April 08, 2005

Another kind of database

SenSage captures enterprise log data for security

Based on the boilerplate description SenSage uses to describe itself as a "security information management" solution provider, no one would guess that the company offers a unique database management system: one that addresses log data.

In the age of compliance and audits and the ever-present threat of both external and internal security threats, system log entries will soon play a far more significant role in the enterprise.

"When an event happens at a firewall, a router, or in an application, log data is generated and we have a solution that stores that data," said Bruce Scott, vice president at SenSage.

Logged data has peculiar characteristics, according to Scott, that make it a poor fit for a relational database.

Adam Sah, the founder of the company, created a way to model enterprise log data and a way to run queries against that information that is not possible in a traditional RDBMS, Scott said.

For example, a firewall will reveal the IP address of the source request and destination, as well as what users are accessing which resources and tables.

"All of this data has a time stamp," Scott said.

Because it is also highly repetitive, IP addresses in an NOC (Network Operations Center) repeat over and over again so the data can be highly compressed, 40-to-1, Scott says, and can be stored on less costly systems.

Although the answer to a query in a relational database can be found in a single record, logged data is different.
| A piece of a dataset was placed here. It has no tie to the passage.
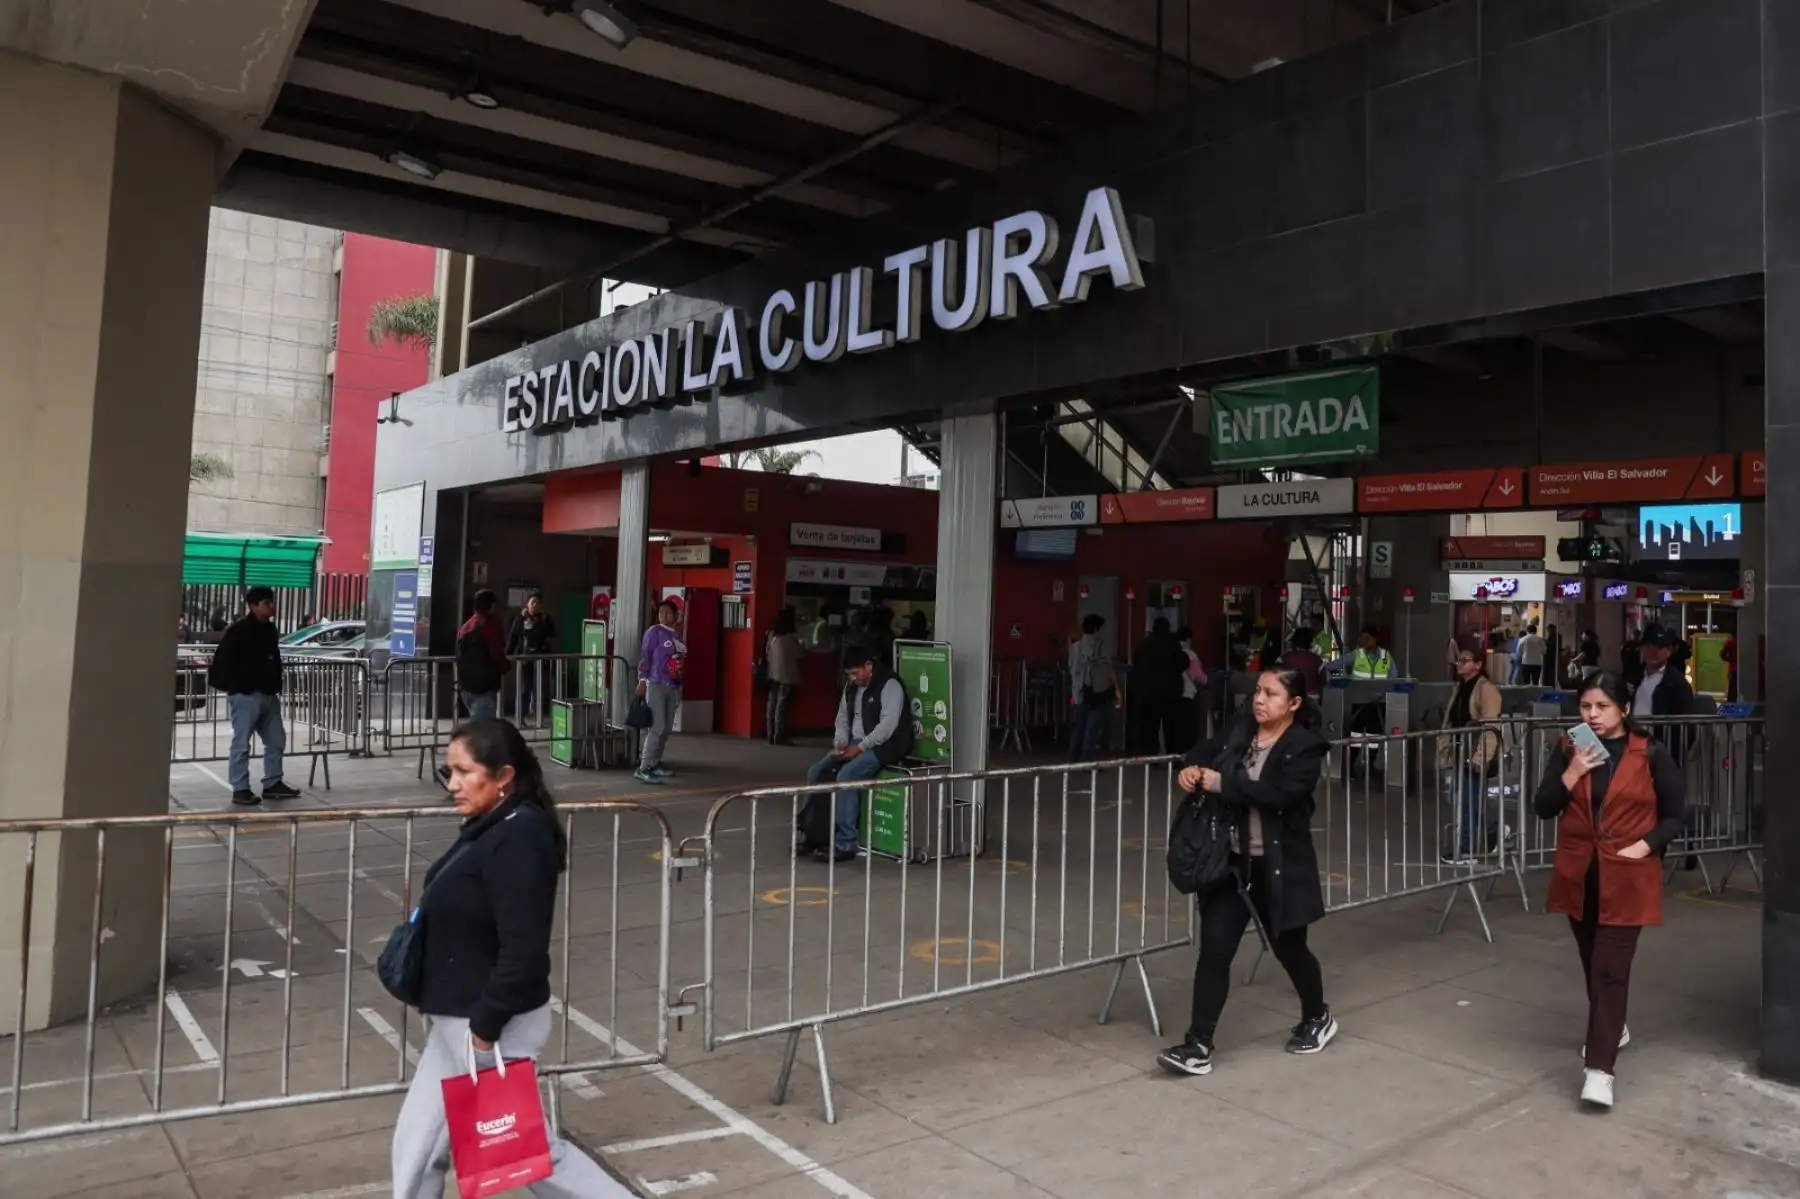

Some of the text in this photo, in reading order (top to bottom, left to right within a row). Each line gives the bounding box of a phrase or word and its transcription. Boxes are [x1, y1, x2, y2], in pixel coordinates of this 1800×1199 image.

It says the requestor has only a notion of what he or she wants and the query is used for discovery. For example, a query might ask whether anyone is accessing a particular file more than once per day and when they accessed it.

According to Scott, this kind of data can be used to find someone illegally downloading corporate data or data illegally sent to another account.

"It's impossible to cover your tracks," Scott said.  

In fact, one field of a log entry is usually the user ID.

SenSage's technology may also have a place beyond security. The unique feature of time-stamped data is also a characteristic of RFID data. 

"If you have a product or inventory piece and you want to know every step of the way, you have billions of log entries every year but a relational data base couldn’t manage that. We can," Scott said.

Ephraim Schwartz is an editor at large at InfoWorld. He also writes the Reality Check blog.